-- Provided data follows --

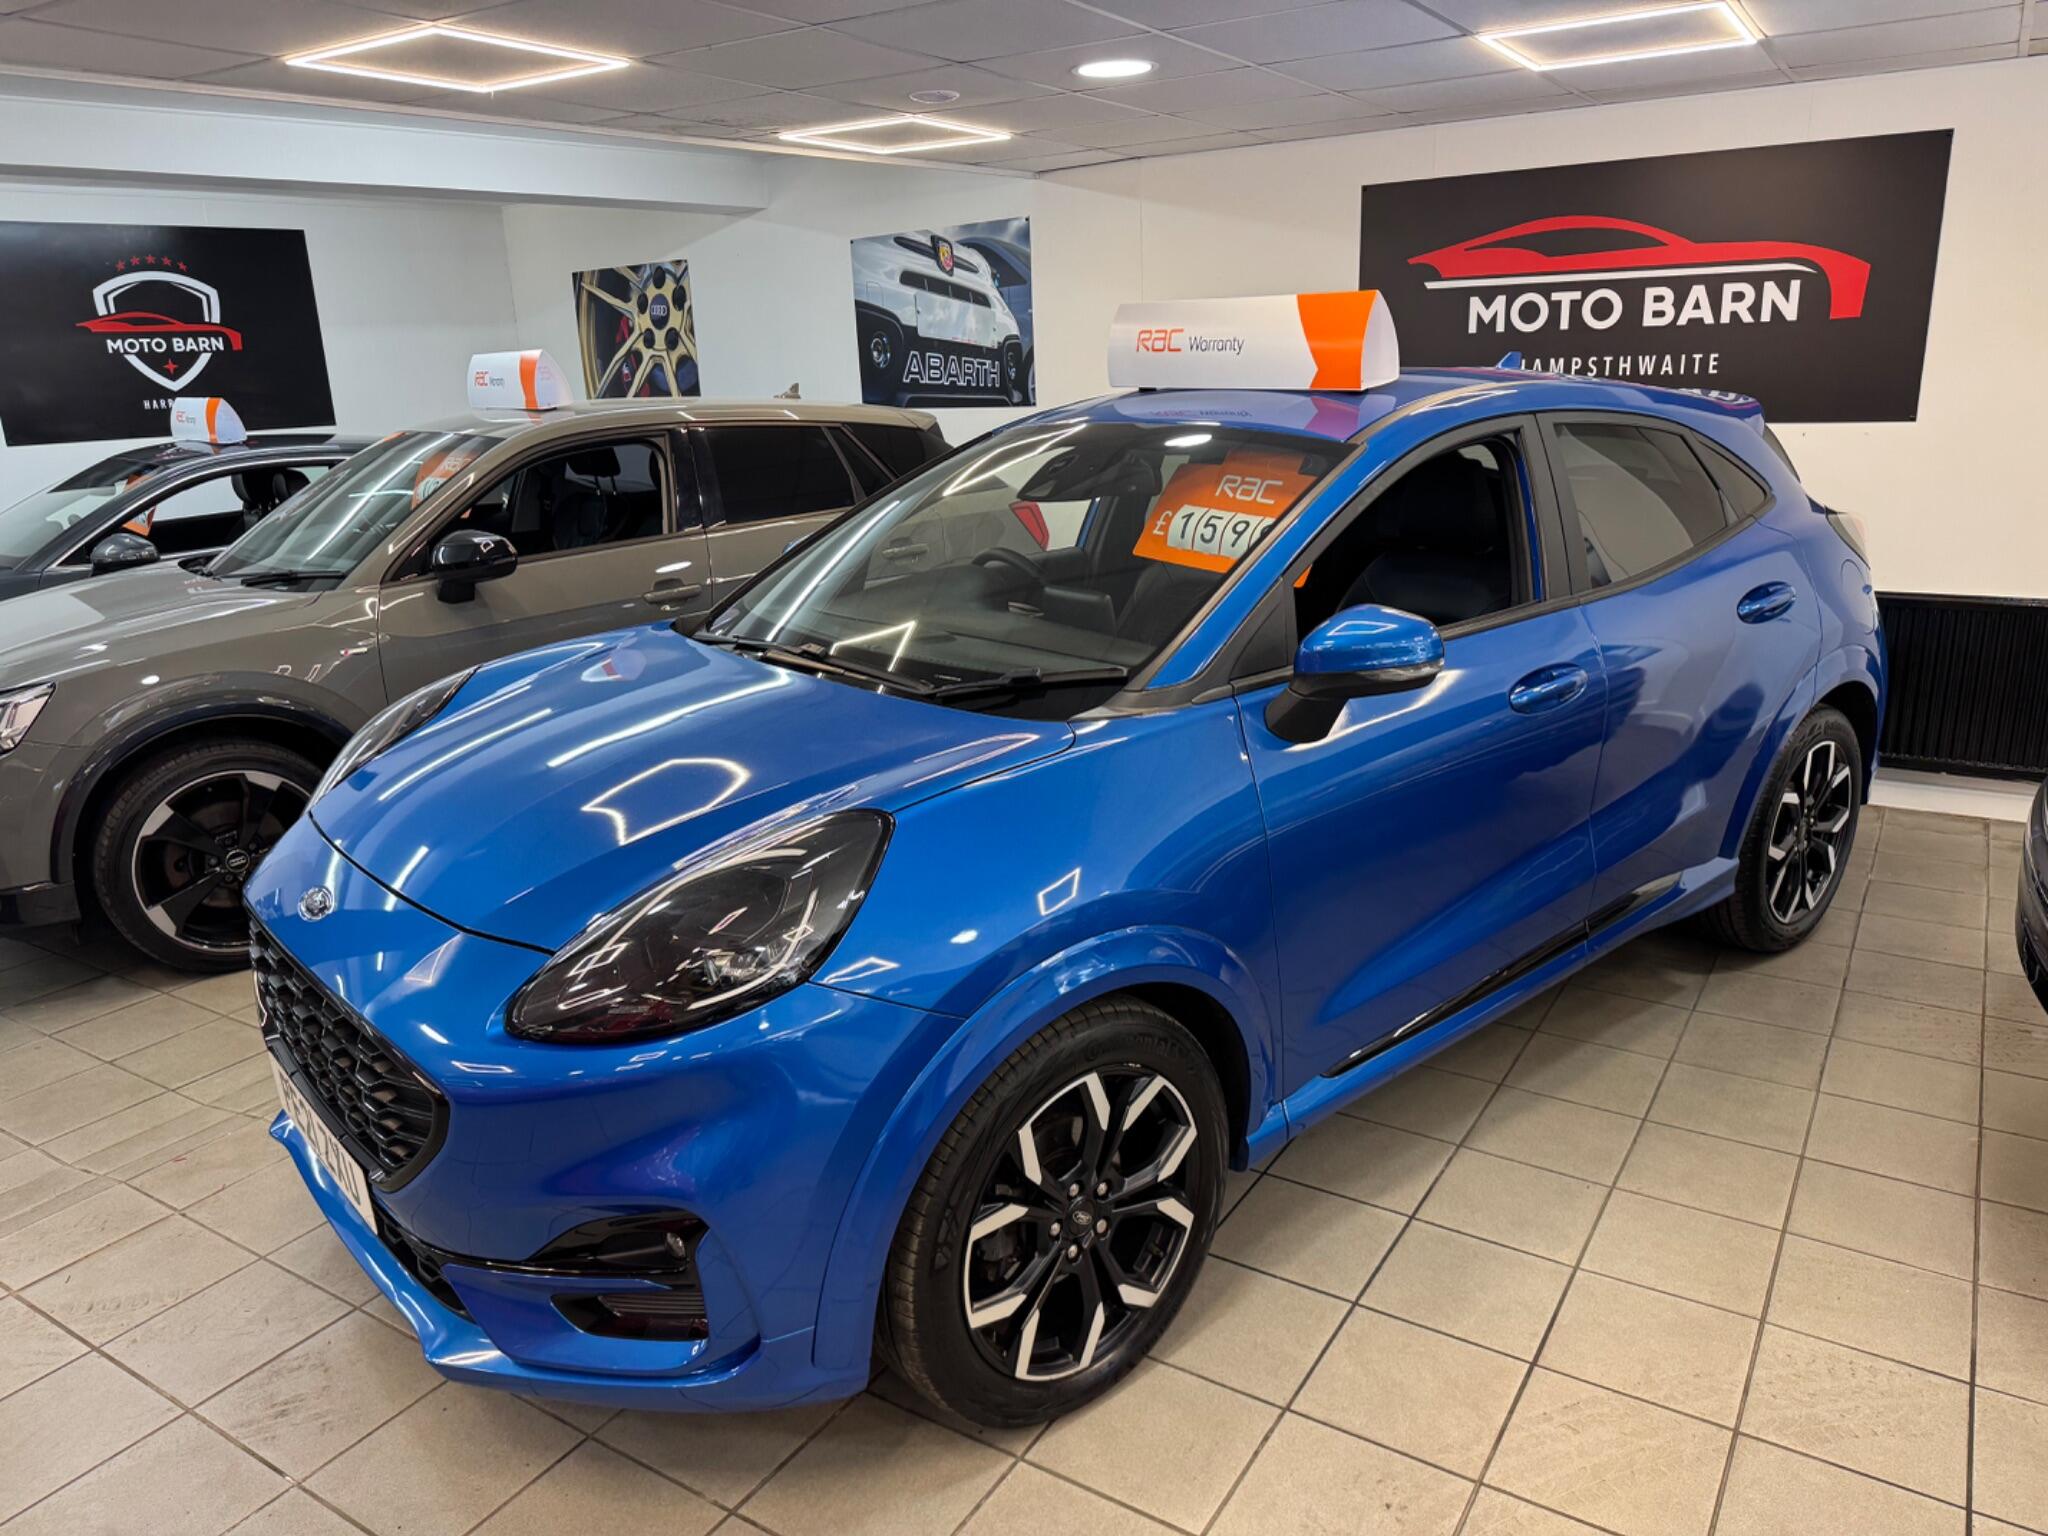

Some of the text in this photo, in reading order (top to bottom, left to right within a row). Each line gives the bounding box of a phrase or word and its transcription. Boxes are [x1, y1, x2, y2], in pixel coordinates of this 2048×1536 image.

[1468, 279, 1801, 334] MOTO BARN
[106, 336, 225, 354] MOTO BARN
[1136, 328, 1245, 355] RAC Warranty
[903, 350, 1000, 387] ABARTH
[1216, 474, 1283, 505] RAC
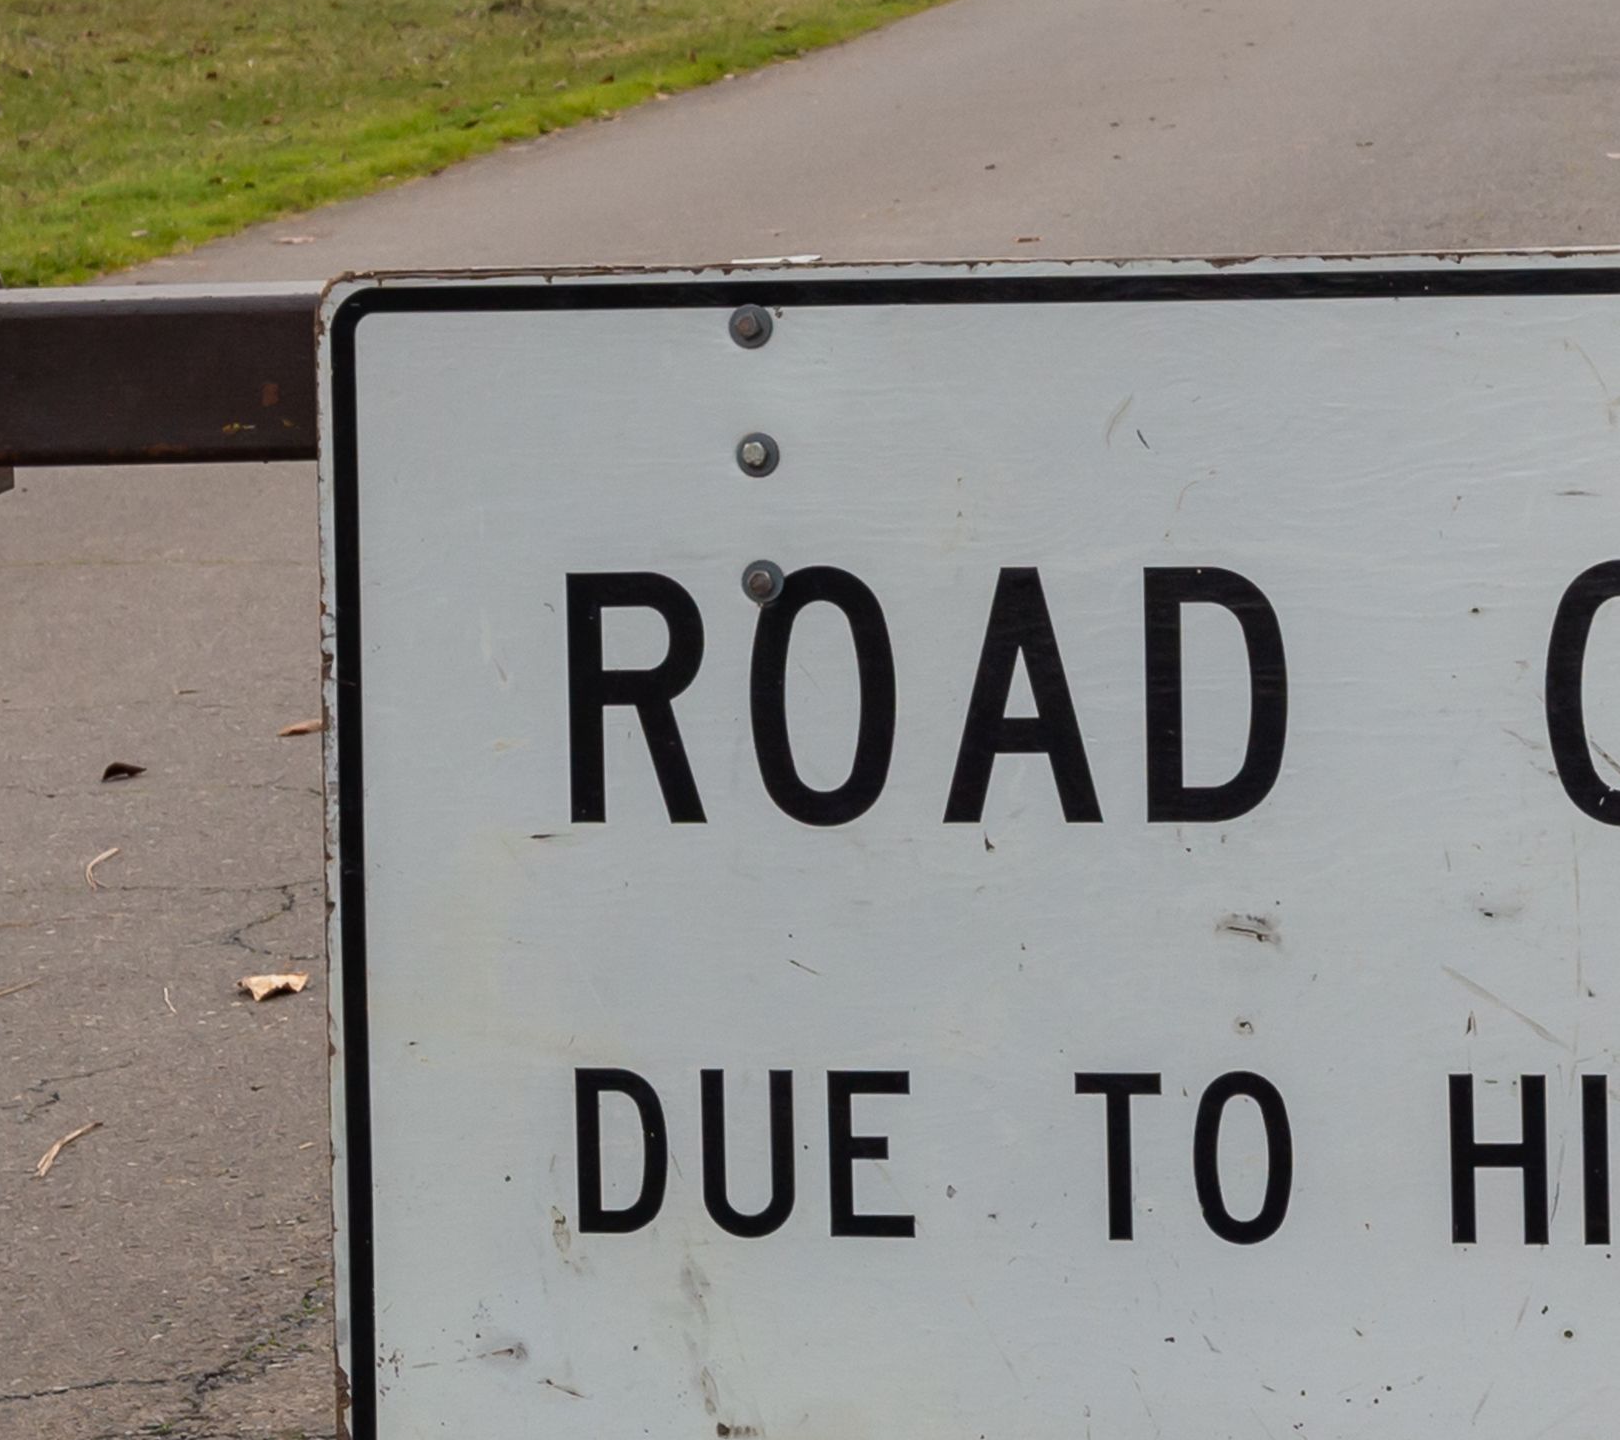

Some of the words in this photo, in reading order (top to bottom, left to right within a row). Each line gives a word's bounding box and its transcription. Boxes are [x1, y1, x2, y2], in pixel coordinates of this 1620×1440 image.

[564, 564, 1289, 827] ROAD
[573, 1067, 917, 1239] DUE
[1073, 1070, 1294, 1246] TO

-- Provided data concluded --

§ **Aim of the exercise**: Output all of the data above exactly; no pictures should appear.

§ **Solved exercise**:
Some of the text in this photo, in reading order (top to bottom, left to right within a row). Each line gives the bounding box of a phrase or word and its transcription. Boxes are [x1, y1, x2, y2], in pixel coordinates of this 2048×1536 image.

[1468, 279, 1801, 334] MOTO BARN
[106, 336, 225, 354] MOTO BARN
[1136, 328, 1245, 355] RAC Warranty
[903, 350, 1000, 387] ABARTH
[1216, 474, 1283, 505] RAC

Some of the words in this photo, in reading order (top to bottom, left to right within a row). Each line gives a word's bounding box and its transcription. Boxes are [x1, y1, x2, y2], in pixel coordinates of this 1620×1440 image.

[564, 564, 1289, 827] ROAD
[573, 1067, 917, 1239] DUE
[1073, 1070, 1294, 1246] TO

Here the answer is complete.